コツコツとヒールの音が鉱石で出来た床に響く。この赤い世界は科学が驚くほど発展しているはずなのに殆どのものが荒削りの水晶で出来ている。磨かれた鏡のように覗きこむものを映す水晶の扉。そこに刻まれた姿かたちを間違いなく「私」だと認識できるほど、私はこの姿に慣れ親しんでいた。どうして今まで忘れていたのか分からないほど、私の姿は私だった。人間世界で言う肌色をしていない手を伸ばし、赤い水晶の扉をノックする。
「入ってもいいかしら」
「……メラグか」
入れ、と短くその部屋の主は私に許可をする。聞き慣れた声が呼ぶのも私の名前。人間世界で換算すれば十年ぶりほどなのだろうか、彼がその名で私を呼ぶのは。重い扉を開けばそこには兄の姿があった。この部屋の主。いいえ、この部屋どころか、彼はこの世界の皇。

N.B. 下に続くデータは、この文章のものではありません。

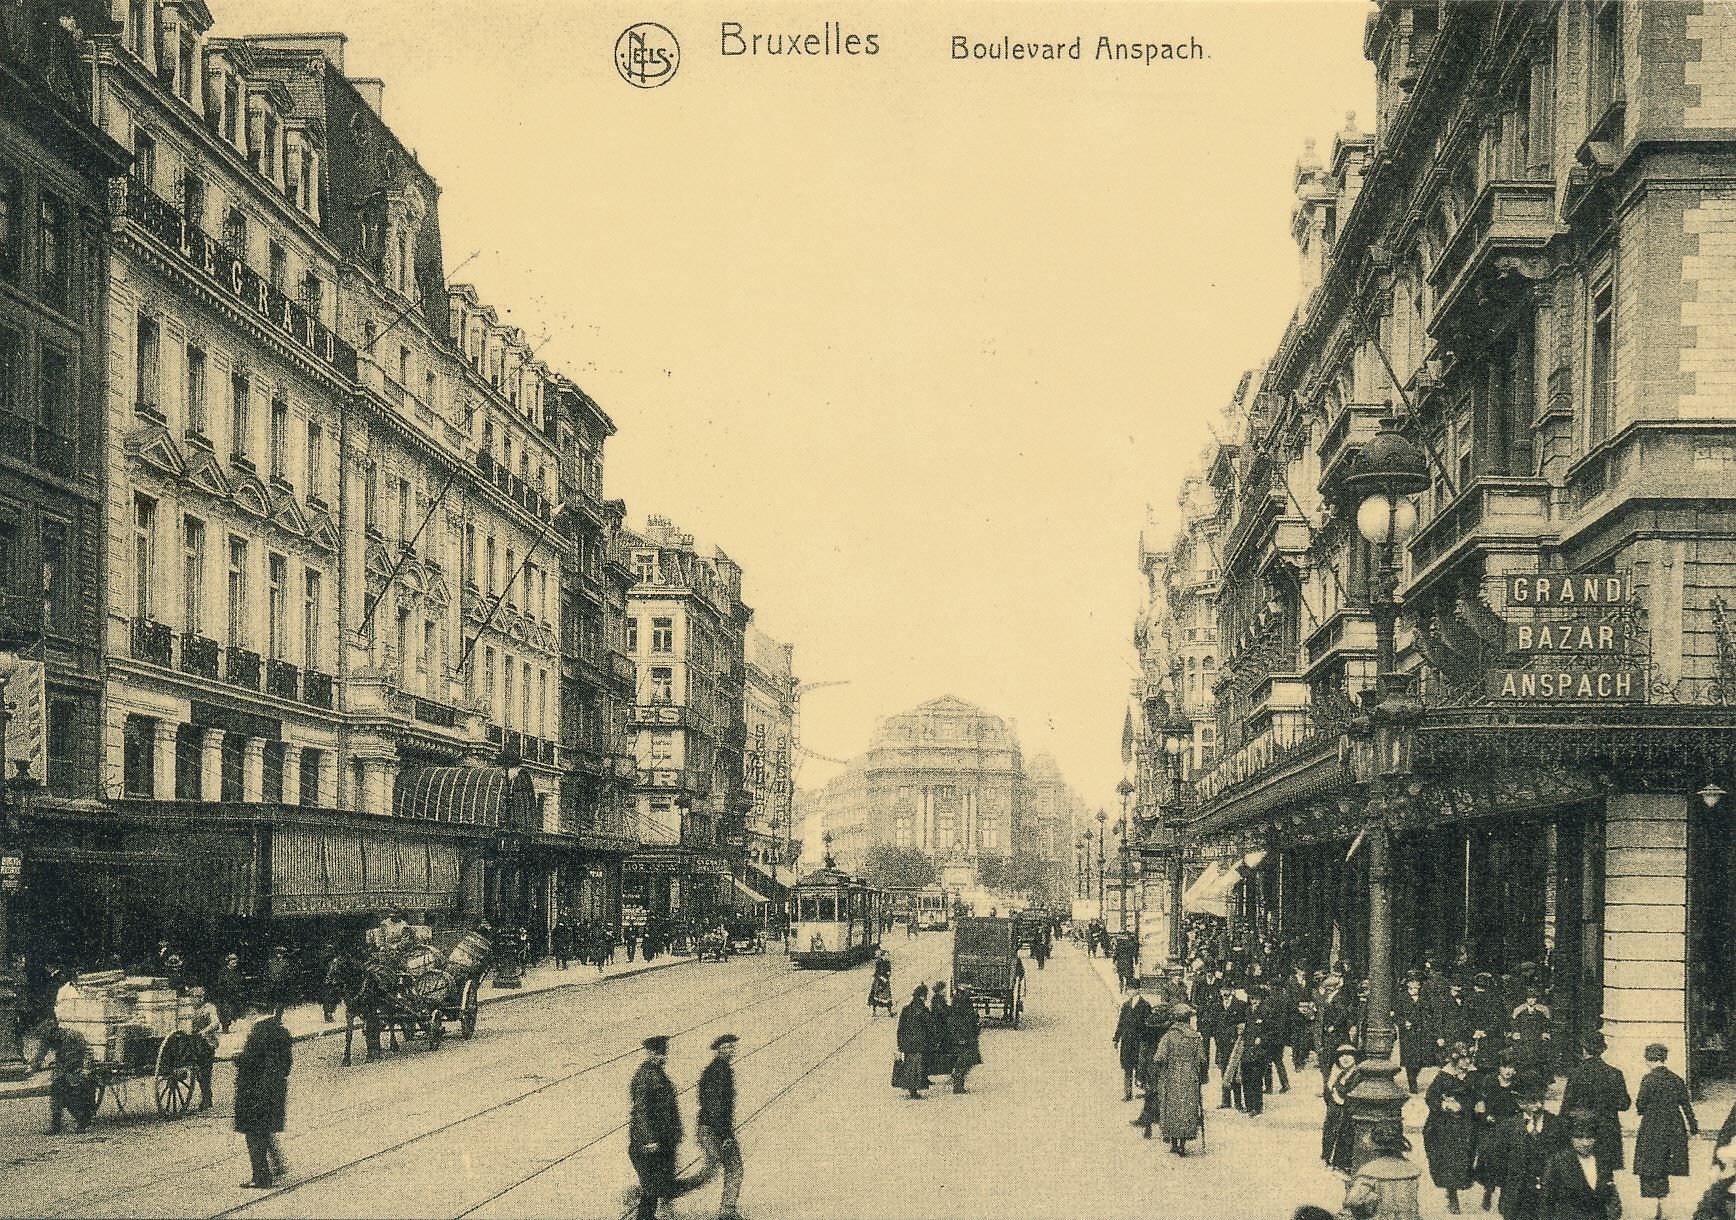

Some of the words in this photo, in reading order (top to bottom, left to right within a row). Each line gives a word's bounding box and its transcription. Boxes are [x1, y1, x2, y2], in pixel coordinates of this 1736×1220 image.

[231, 260, 334, 363] GRAND
[1514, 578, 1621, 602] GRAND
[1518, 626, 1614, 650] BAZAR
[1501, 673, 1631, 698] ANSPACH

ナッシュ。それが私の兄の名前。バリアンを統べる皇の名だ。
「私たち、本当にバリアンだったのね」
くすくすと冗談でも言うような声で喋りかけながら寝台に座るナッシュの隣に腰掛けて、彼の頬に触れる。鼻と口のない、平坦な仮面のような顔。左右で違う色の瞳は静かに私を見つめている。その目のはめこまれているのは紫色の皮膚の中。たしかこの世界でも兄妹だったはずだけれども外見はちっとも似ていない。

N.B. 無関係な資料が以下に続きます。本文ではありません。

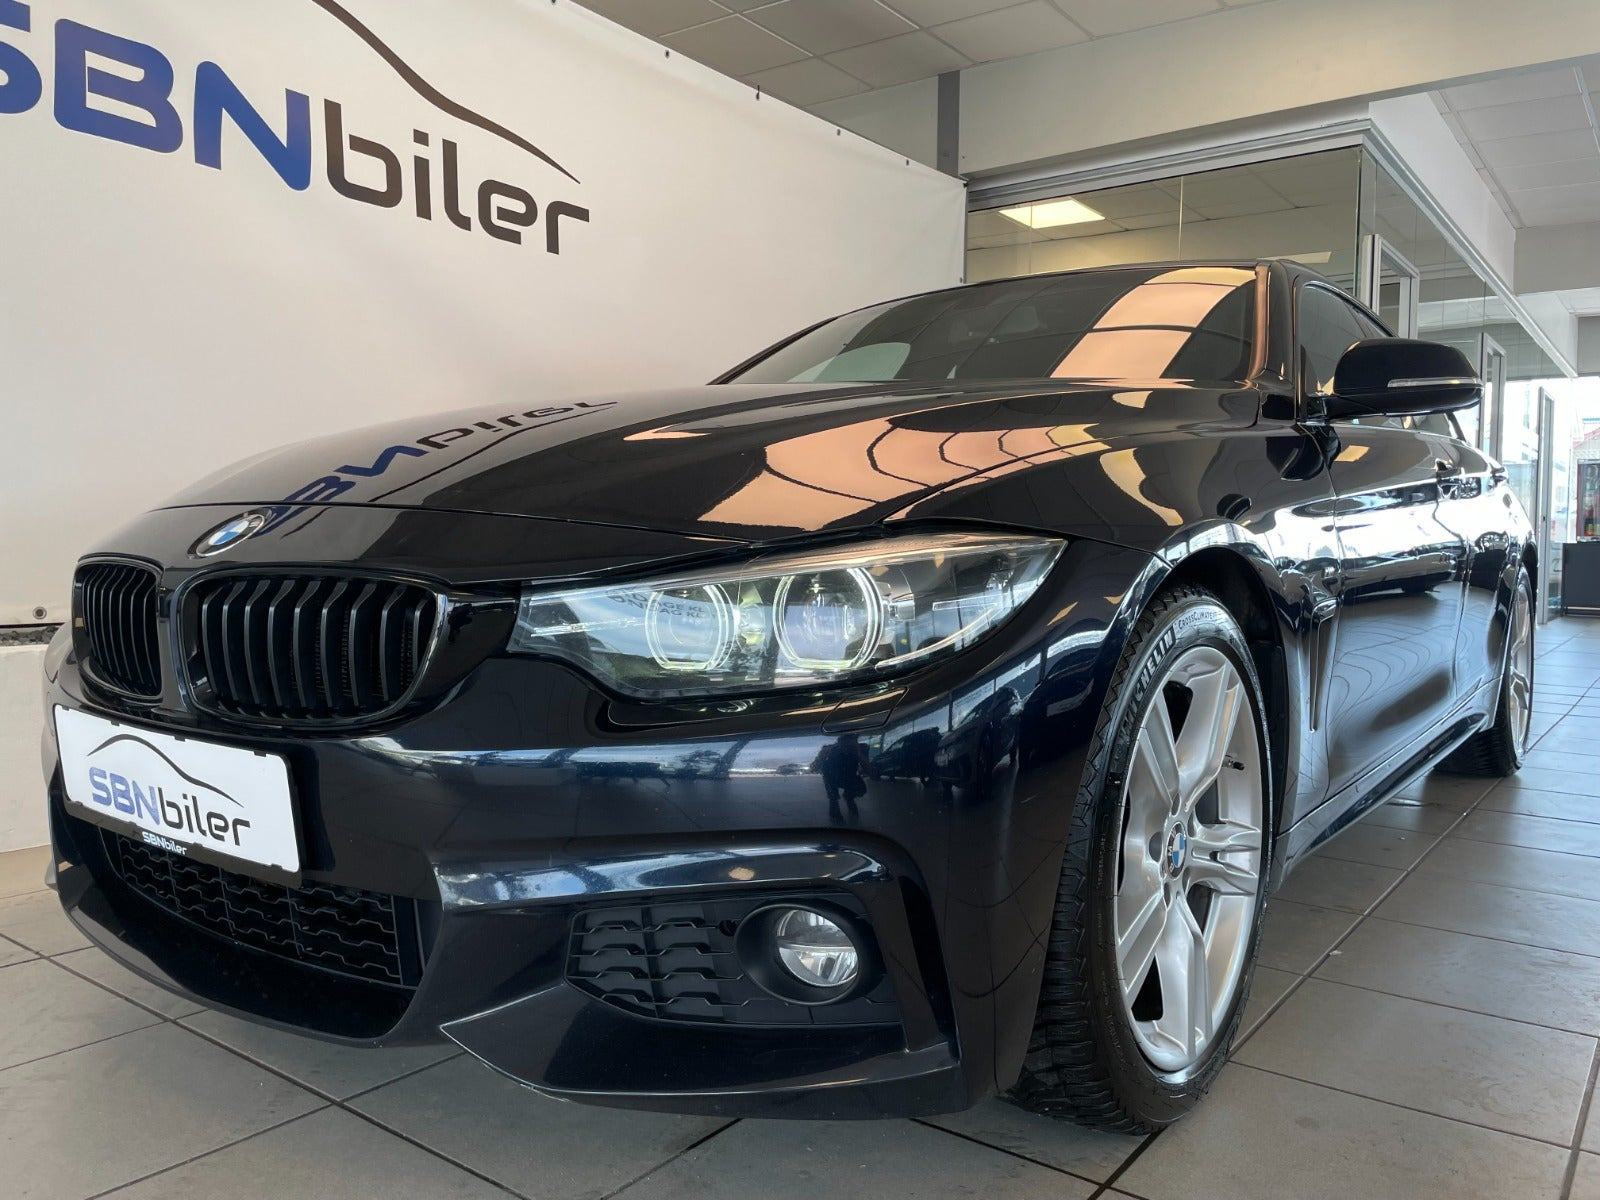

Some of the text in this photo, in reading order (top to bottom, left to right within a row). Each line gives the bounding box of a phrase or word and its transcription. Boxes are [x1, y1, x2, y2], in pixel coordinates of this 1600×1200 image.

[1119, 629, 1176, 740] MICHELIN
[89, 766, 250, 846] SBNbiler
[142, 831, 187, 855] SBNbiler

するりするりと私は手のひらを滑らせていく。首に、胸に、腰に。その身体の形を確かめるように。ナッシュは身動ぎ一つせず、私の手が滑りゆくのをずっと見下ろしていた。
「ぜんぜん違う、人間と。凌牙と璃緒と。顔も手も、身体も、どこもかしこも。脱げないのよ、これ。これが私そのものなの」
当たり前のことを口にする。服や鎧、装飾品を纏っているように見えてそれら全ては私たちの身体に一体化しているのだ。未だ完全ではないもののバリアンとして生きていた記憶を取り戻した今となっては不思議なことなど何一つないはずなのに、人間として生きてきた常識がかつて持っていたはずの、本来の常識的な思考の邪魔をする。
「そうだな」
全てを受け入れているとばかりにナッシュが至極落ち着いた声で頷く。彼も同じだ。肩当ても、額に輝く冠も。寝台の上に広がる赤いマントも全てナッシュ自身でできている。

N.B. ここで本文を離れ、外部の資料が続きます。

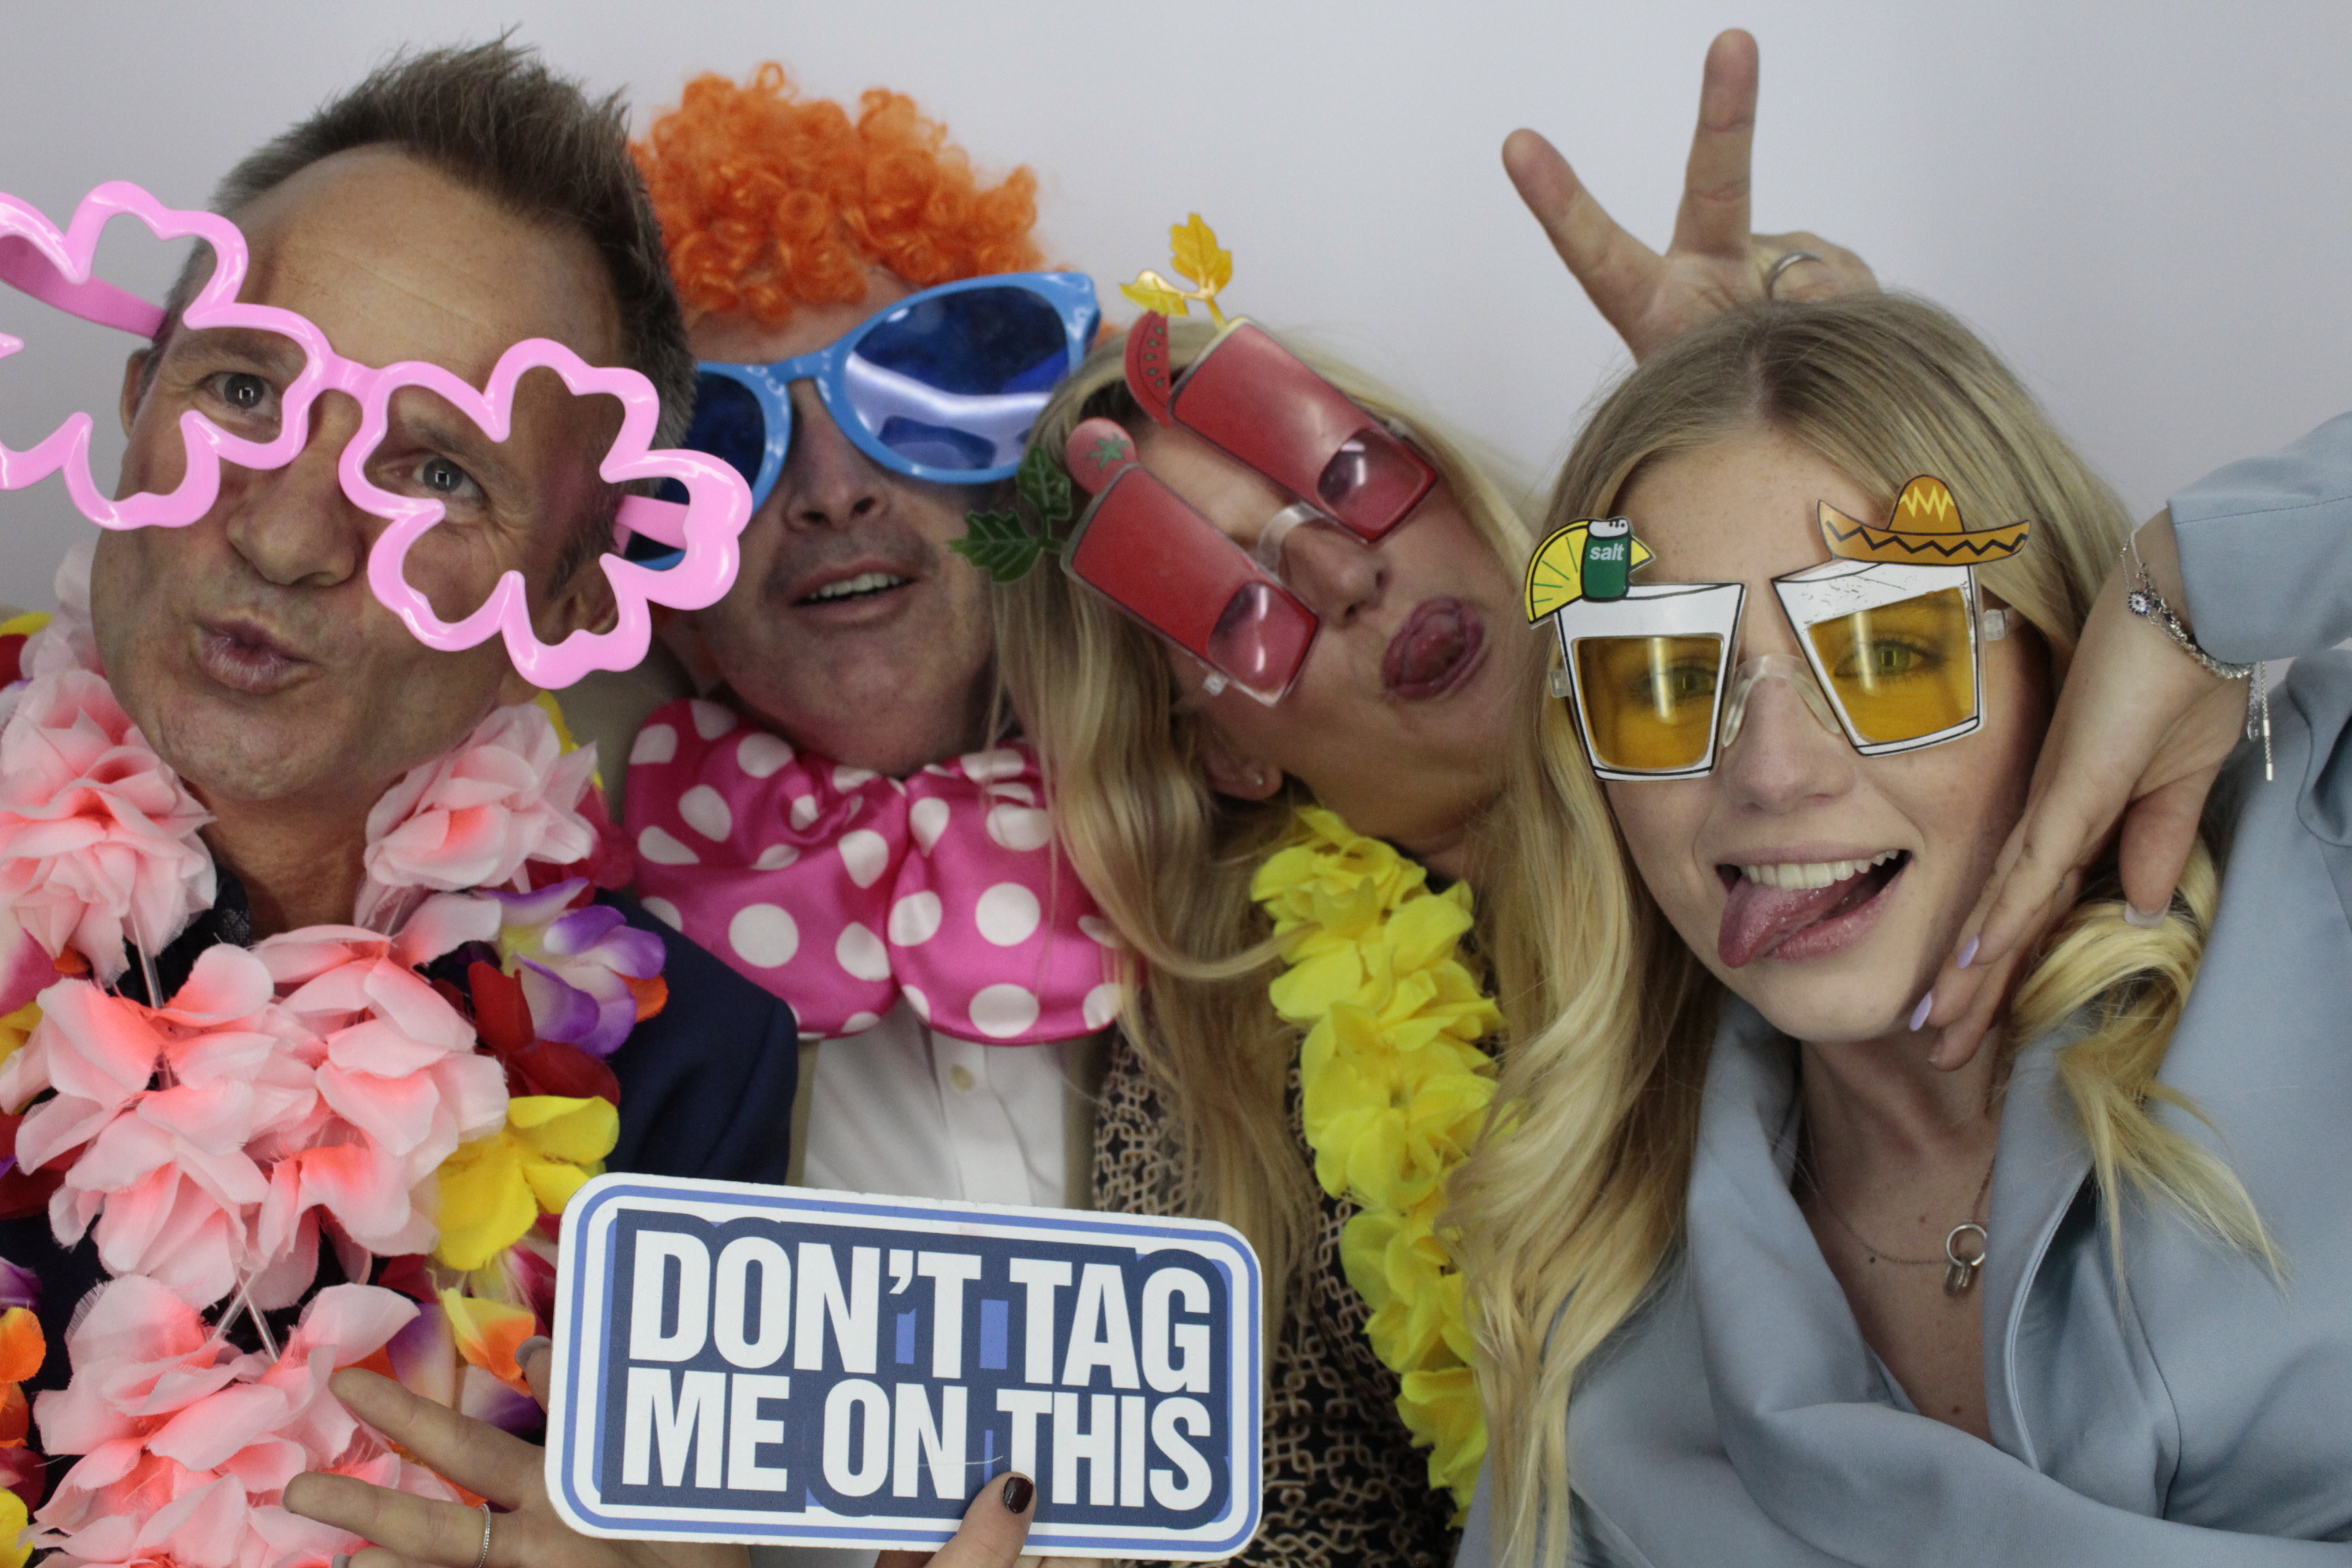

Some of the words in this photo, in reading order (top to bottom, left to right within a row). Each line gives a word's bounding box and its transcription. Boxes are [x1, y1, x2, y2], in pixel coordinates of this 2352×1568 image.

[1590, 543, 1625, 561] salt
[630, 1230, 981, 1379] DON'T
[1009, 1256, 1210, 1393] TAG
[622, 1367, 789, 1492] ME
[823, 1379, 968, 1500] ON
[996, 1388, 1212, 1512] THIS

「人間界でミザエルが初めてバリアルフォーゼを見せたとき、一緒にあんなに驚いてたのにね」
スフィアフィールドの赤い光の中、突然に全身が黄色に輝く異形の姿になったミザエルのことを思い出す。あまりに人間離れした外見に、未知への畏怖さえ抱いたはずだった。
「はっ……そんなこともあったな。今考えると、何驚いてんだって感じだがな」
「ふふ、そうね。あっちの方が私達にとっては当たり前だったのに。物忘れってほんとうに怖い」
今はもう、口のない顔でも表情の変化が手に取るように分かる。こうして他愛のないことで兄と笑いあうときは、戦いや使命とは無縁の場所で、平和に過ごしていた日々を思い出させた。
ナッシュの身体を確かめていた手を腰から下、股間にうつす。装飾めいたパーツのないそこはつるつるとして起伏がなく、触れているとなんとなく気持ちが良い。ついついしつこく繰り返し撫でてしまう。
「……おい」
「なぁに?」
「……どこ触ってるんだ」
ナッシュに手首を掴まれて、指先をそこから離れさせられてしまう。残念がるように見上げれば、ナッシュは恥ずかしそうに二色の瞳で私を睨んでいて、たまらず可笑しくなって笑い声を出してしまった。
「どこって、ナッシュの身体よ」
「わざわざそんなところ触らなくてもいいだろ」
「そんなところ? 何もないじゃない、ここ。あなたの頬や手を触るのと、どこが違うのかしら?」
意地悪な問いかけにナッシュは唸って黙りこんでしまう。恥ずかしそうに顔を背ける理由は、本当は全部知っている。こんな羞恥を兄が感じているのは、つい先日まで私達が人間だったからに他ならない。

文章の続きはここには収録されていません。